◆ **WORK REQUIRED**: Nothing in the records should be changed in the copy, though the pictures must be left out.

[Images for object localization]
########
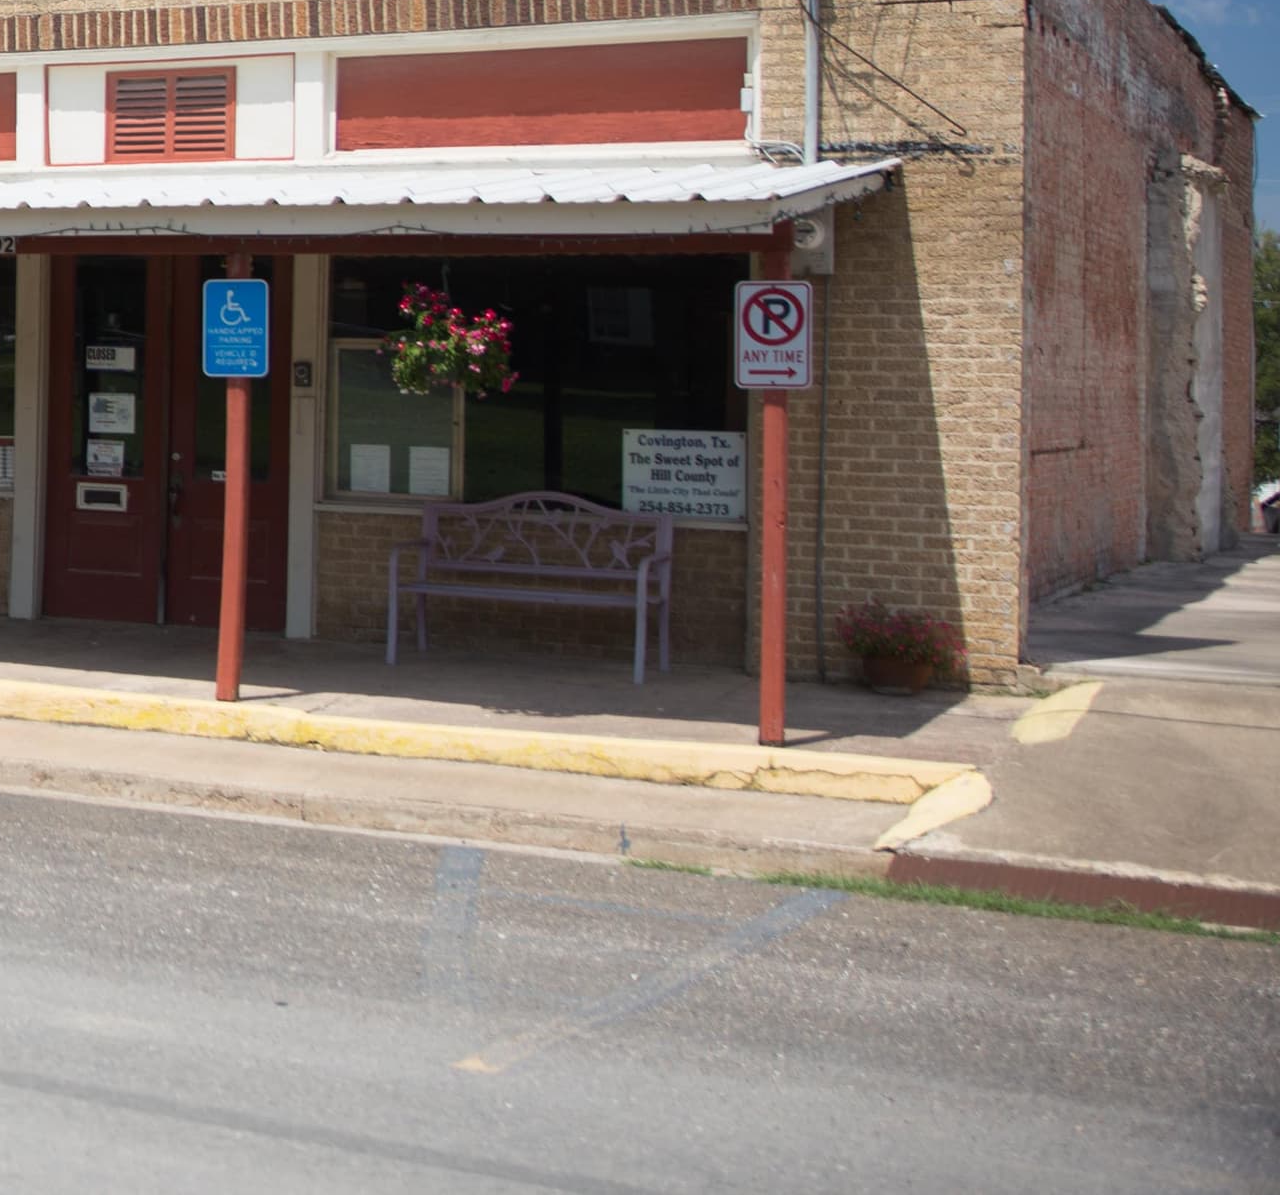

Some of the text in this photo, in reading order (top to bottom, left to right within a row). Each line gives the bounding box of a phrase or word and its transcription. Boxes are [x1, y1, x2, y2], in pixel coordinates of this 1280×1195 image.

[87, 347, 116, 361] CLOSED
[743, 349, 804, 364] ANY TIME
[638, 434, 731, 450] Covington, Tx.
[629, 452, 739, 469] The Sweet Spot of
[650, 469, 717, 486] Hill County
[639, 500, 730, 516] 254-854-2373
########
◆ **REPLY**:
Some of the text in this photo, in reading order (top to bottom, left to right within a row). Each line gives the bounding box of a phrase or word and its transcription. Boxes are [x1, y1, x2, y2], in pixel coordinates of this 1280×1195 image.

[87, 347, 116, 361] CLOSED
[743, 349, 804, 364] ANY TIME
[638, 434, 731, 450] Covington, Tx.
[629, 452, 739, 469] The Sweet Spot of
[650, 469, 717, 486] Hill County
[639, 500, 730, 516] 254-854-2373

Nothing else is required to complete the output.